石黒健一はこれまで、歴史的主題や物質などの土地に根差した事象を扱い、それらの結節点として彫刻や映像を制作してきました。たとえば、2021年に発表した作品では、琵琶湖の外来魚であるオオクチバスと、滋賀県立美術館が所蔵するコンスタンティン・ブランクーシ作品の来歴を紐解き、現実では決して出会うことがなかった人物や生物、物質が無関係ではないということを提示しました。ここ旧一宮市立中央看護専門学校2階の教室では、一宮市本町の地蔵寺にかつて存在していた地域の象徴であったイチイガシの痕跡を3Dスキャナでデータ化。CNC工作機械を用い、水性樹脂とともに切り株を復元した彫刻、および一宮市の喫茶文化に関する映像作品を展示します。

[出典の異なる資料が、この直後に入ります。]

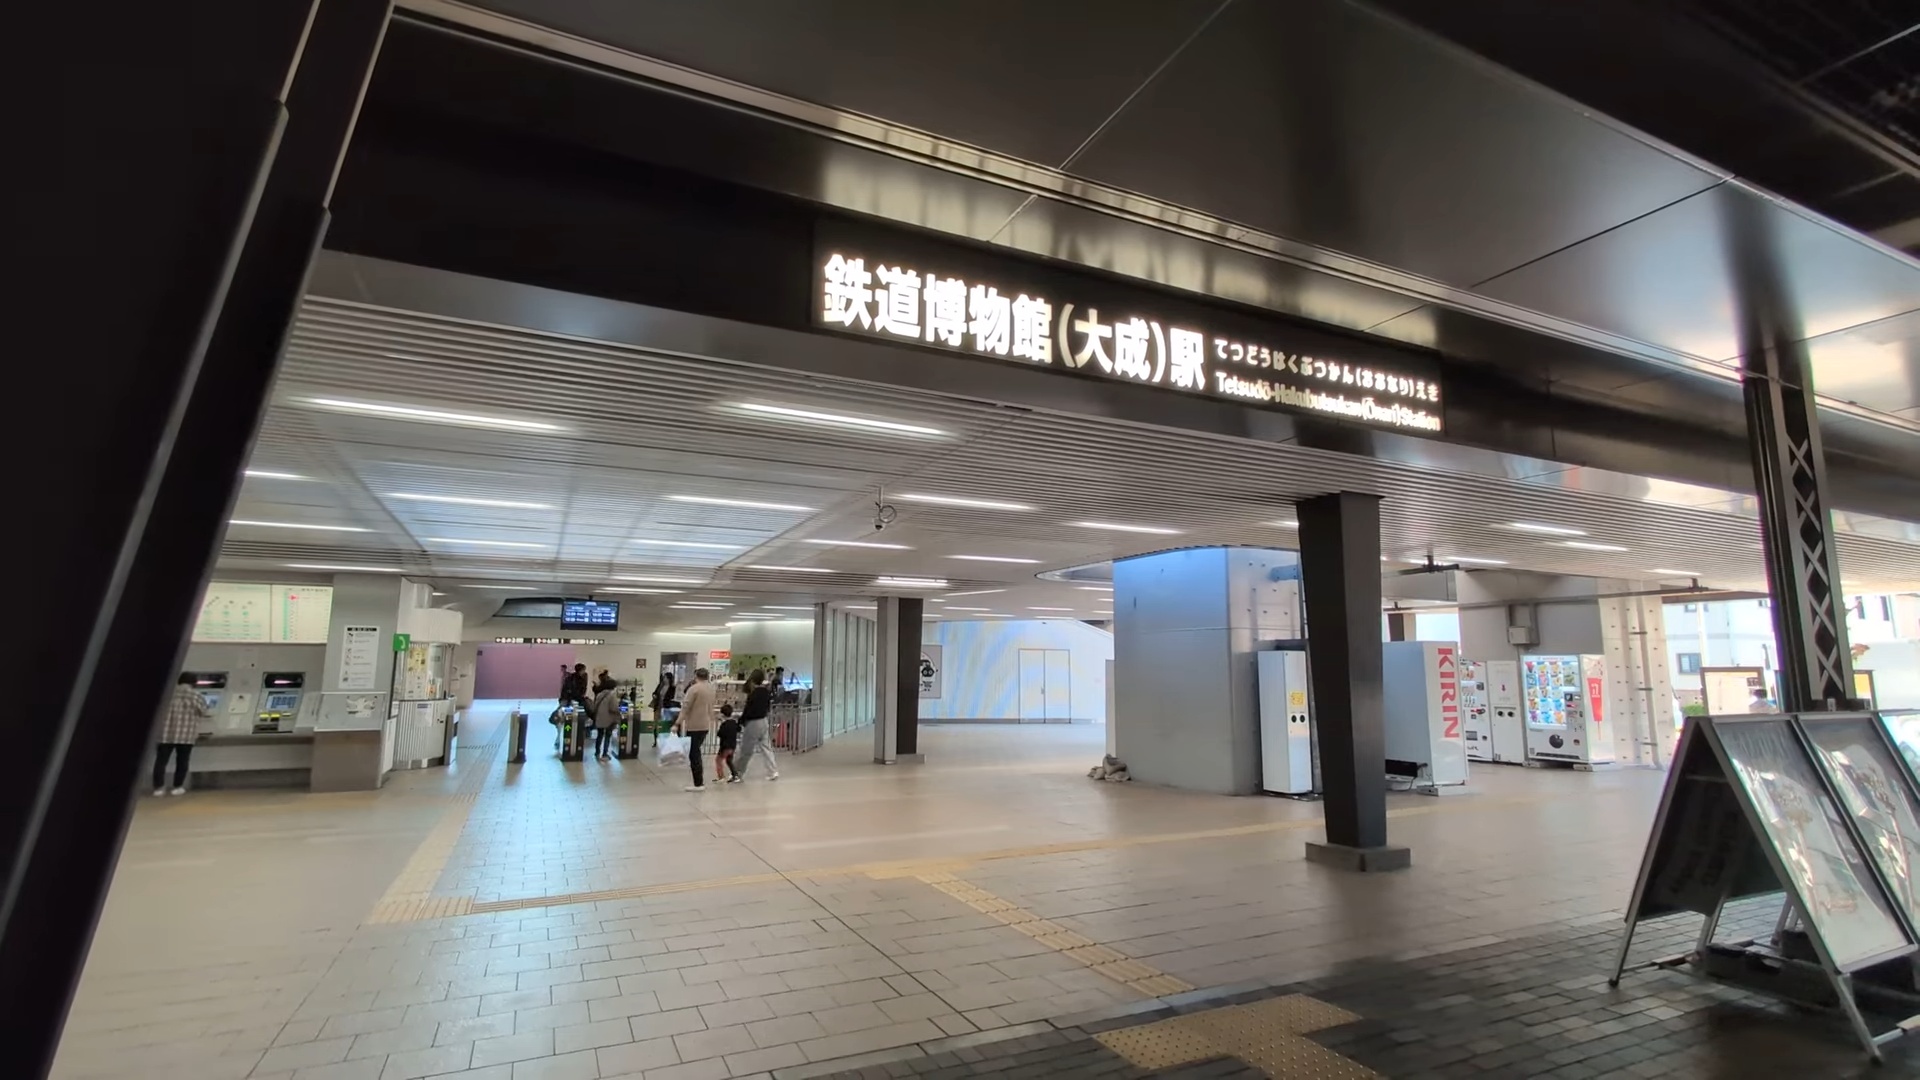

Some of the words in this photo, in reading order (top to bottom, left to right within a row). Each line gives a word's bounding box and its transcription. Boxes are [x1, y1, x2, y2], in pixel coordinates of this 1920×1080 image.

一宮市萩原町に育った詩人・佐藤一英が、戦災を免れ、焼け野原に孤立するイチイガシに感銘を受け提唱した「樫の木文化論」も参照可能な本作は、その巨木が令和元年7月23日に文化財指定の解除を

受け、老木化のため伐採されたことに端を発したものです。1970年ごろからの産業発展に伴う公害・環境汚染により、その当時から衰弱化が確認されていたものの、近頃まで生きながらえていたその木は現在、切り株だけが残る誰の目にも止まらない風景の一部となっています。石黒は本インスタレーションを通して、自動車産業、航空宇宙、機械産業といった工業的な歴史を持つ愛知県の文脈を起点に、古木を機械的に変換。年輪の形成とは真逆の切削という作業を経て、この地に流れた不可逆的な時間の断面を作為的に再生・拡張し、100万年後の自然物と人工物の関係性に目を向けさせます。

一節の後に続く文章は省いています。